Fuel Cell Systems. Hyundai today also introduced HTWO, a new brand to represent the company’s world-leading hydrogen fuel cell system. (Earlier post.) Building upon Hyundai’s 20-plus years of experience in hydrogen fuel cell technology, the brand will present hydrogen as a positive energy for humanity.

With HTWO, Hyundai Motor is stepping up efforts for the development of a next-generation hydrogen fuel cell system that can be applied to various forms of mobility such as UAM, automobiles, vessels and trains. Not only will the next-generation fuel cell system be available for many different mobility products and services, it will deliver enhanced performance and durability at an affordable price in a lighter architecture with enhanced energy density. With its next generation fuel cell system, the company aims to offer a highly efficient and diversified lineup of hydrogen-powered vehicles.

Financial Targets. Under the Strategy 2025 roadmap, Hyundai disclosed updated mid- to long-term financial goals—running from 2020 through 2025—including an investment of KRW 60.1 trillion by 2025, 8% operating margin in the automotive sector and a 5% level of global automotive market share. This is an upgrade of the plan announced in December 2019 and will be carried out despite deteriorated market conditions due to the pandemic.

Out of the total, KRW 36.6 trillion (US$33 billion) will be allocated for R&D and capital expenditures to enhance competitiveness in existing businesses, while KRW 23.5 trillion (US$21.6 billion) will be dedicated to future technologies, including electrification, hydrogen fuel cells, UAM, autonomous driving, mobility service and platform, connectivity, AI and robotics.

In particular, investment into electrification and hydrogen businesses increased significantly to KRW 14.9 trillion (US$13.7 billion) from KRW 10.4 trillion (US$9.6 billion) announced last year due to the full-scale implementation of the hydrogen business and the expansion of the EV lineup.

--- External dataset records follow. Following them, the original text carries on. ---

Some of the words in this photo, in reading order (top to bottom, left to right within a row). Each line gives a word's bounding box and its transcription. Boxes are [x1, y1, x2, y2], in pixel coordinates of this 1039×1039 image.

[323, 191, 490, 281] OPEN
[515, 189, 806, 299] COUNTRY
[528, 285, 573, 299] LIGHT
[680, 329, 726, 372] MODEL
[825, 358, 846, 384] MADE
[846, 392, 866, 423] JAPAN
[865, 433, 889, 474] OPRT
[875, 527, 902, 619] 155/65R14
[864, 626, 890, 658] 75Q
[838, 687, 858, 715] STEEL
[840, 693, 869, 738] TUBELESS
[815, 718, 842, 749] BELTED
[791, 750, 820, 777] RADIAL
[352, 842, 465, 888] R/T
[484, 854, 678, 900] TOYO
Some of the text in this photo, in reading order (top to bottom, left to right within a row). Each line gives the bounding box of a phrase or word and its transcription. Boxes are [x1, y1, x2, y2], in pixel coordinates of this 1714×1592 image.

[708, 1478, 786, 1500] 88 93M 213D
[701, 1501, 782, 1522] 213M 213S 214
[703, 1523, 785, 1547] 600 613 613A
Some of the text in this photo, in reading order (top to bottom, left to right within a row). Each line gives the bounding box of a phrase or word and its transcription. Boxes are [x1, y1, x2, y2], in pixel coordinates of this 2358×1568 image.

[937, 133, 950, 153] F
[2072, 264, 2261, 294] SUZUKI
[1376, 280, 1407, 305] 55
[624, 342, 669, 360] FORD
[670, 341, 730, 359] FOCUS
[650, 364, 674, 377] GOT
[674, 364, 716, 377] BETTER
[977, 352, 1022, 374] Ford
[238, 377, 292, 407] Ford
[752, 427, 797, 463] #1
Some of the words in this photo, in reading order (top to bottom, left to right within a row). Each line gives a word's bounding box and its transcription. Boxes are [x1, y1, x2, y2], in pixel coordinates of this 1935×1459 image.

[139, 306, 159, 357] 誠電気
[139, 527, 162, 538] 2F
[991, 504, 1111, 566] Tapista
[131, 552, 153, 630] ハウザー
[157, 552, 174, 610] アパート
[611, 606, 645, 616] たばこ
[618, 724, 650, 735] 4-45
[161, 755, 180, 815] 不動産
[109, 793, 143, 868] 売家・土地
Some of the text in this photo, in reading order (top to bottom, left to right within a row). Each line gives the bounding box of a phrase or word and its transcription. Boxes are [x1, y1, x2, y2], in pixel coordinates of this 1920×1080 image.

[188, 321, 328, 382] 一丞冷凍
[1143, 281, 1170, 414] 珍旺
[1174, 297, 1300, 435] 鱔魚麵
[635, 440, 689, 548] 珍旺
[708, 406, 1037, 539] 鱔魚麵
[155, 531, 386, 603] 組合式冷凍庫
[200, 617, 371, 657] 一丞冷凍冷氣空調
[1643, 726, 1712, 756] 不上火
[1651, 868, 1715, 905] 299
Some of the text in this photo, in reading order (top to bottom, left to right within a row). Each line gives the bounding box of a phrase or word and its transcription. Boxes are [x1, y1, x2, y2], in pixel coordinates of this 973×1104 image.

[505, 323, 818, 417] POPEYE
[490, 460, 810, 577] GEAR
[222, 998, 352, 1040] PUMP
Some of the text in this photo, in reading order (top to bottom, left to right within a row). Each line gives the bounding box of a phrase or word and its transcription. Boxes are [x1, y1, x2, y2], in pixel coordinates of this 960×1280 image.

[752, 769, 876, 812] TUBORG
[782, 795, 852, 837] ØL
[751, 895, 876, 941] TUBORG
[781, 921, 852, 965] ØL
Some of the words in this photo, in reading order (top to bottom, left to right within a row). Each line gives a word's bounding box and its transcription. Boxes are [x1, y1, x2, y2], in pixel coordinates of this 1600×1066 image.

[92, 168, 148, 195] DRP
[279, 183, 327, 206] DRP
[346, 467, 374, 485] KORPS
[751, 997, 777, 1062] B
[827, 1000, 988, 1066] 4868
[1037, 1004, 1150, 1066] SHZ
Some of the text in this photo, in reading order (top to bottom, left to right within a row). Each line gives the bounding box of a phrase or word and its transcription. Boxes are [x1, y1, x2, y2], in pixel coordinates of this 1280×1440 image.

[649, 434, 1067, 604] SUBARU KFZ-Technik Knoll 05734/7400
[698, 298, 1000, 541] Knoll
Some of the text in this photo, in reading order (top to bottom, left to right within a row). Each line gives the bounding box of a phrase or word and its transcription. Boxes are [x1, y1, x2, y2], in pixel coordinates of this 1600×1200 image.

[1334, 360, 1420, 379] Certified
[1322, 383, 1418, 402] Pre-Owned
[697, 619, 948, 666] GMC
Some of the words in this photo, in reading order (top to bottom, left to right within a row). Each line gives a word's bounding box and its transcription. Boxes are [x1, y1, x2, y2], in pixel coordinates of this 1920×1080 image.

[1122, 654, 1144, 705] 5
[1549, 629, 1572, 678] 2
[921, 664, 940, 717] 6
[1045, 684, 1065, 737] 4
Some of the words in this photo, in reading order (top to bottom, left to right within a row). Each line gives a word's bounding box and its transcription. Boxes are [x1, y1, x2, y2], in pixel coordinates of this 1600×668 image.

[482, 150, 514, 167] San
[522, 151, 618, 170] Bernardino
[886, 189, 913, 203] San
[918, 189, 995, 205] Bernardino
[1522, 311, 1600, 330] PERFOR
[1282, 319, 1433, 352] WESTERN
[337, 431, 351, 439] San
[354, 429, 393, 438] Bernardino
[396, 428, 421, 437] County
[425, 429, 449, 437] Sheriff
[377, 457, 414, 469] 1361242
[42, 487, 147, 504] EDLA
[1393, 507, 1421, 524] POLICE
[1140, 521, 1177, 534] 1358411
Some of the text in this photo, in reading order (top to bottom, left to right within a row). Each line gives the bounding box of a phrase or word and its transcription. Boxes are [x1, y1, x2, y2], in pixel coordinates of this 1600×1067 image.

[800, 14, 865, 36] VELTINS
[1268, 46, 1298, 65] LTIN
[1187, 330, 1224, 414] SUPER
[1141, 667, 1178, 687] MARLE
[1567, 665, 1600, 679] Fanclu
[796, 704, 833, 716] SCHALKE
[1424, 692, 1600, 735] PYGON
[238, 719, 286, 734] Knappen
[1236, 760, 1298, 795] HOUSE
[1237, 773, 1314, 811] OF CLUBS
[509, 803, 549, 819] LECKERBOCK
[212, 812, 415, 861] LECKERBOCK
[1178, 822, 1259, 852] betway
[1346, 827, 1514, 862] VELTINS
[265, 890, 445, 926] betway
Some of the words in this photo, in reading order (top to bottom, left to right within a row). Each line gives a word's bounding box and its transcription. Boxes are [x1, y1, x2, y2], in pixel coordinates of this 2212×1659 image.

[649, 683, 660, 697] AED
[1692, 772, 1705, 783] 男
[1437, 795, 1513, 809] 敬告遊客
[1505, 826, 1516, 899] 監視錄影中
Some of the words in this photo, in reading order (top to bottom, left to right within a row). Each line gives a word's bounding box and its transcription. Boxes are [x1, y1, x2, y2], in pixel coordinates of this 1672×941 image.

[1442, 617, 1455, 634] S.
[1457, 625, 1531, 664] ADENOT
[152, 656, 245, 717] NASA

Despite uncertainty in the global market caused by COVID-19, Hyundai Motor will continue to pursue its 8% target for operating profit margin in the automotive sector by 2025 through cost innovation to lay the foundation for sustainable future growth.

In the case of internal combustion engine vehicles, for which global demand is expected to recover after COVID-19, the company will focus on recovering profitability on the back of wider adaption of third-generation platforms in various models, optimization of production at regional headquarters, retail innovation and global expansion of the Genesis luxury brand.

For EVs, the company aims to bolster competitiveness at all stages of EV businesses throughout development, production and sales to achieve profitability comparable to that of ICE.

The company also strives to enhance shareholder value through market-friendly return policy. Despite concerns over uncertainties in the business environment in 2021, the company plans to consider annual dividends in deliberation of liquidity and earnings recovery.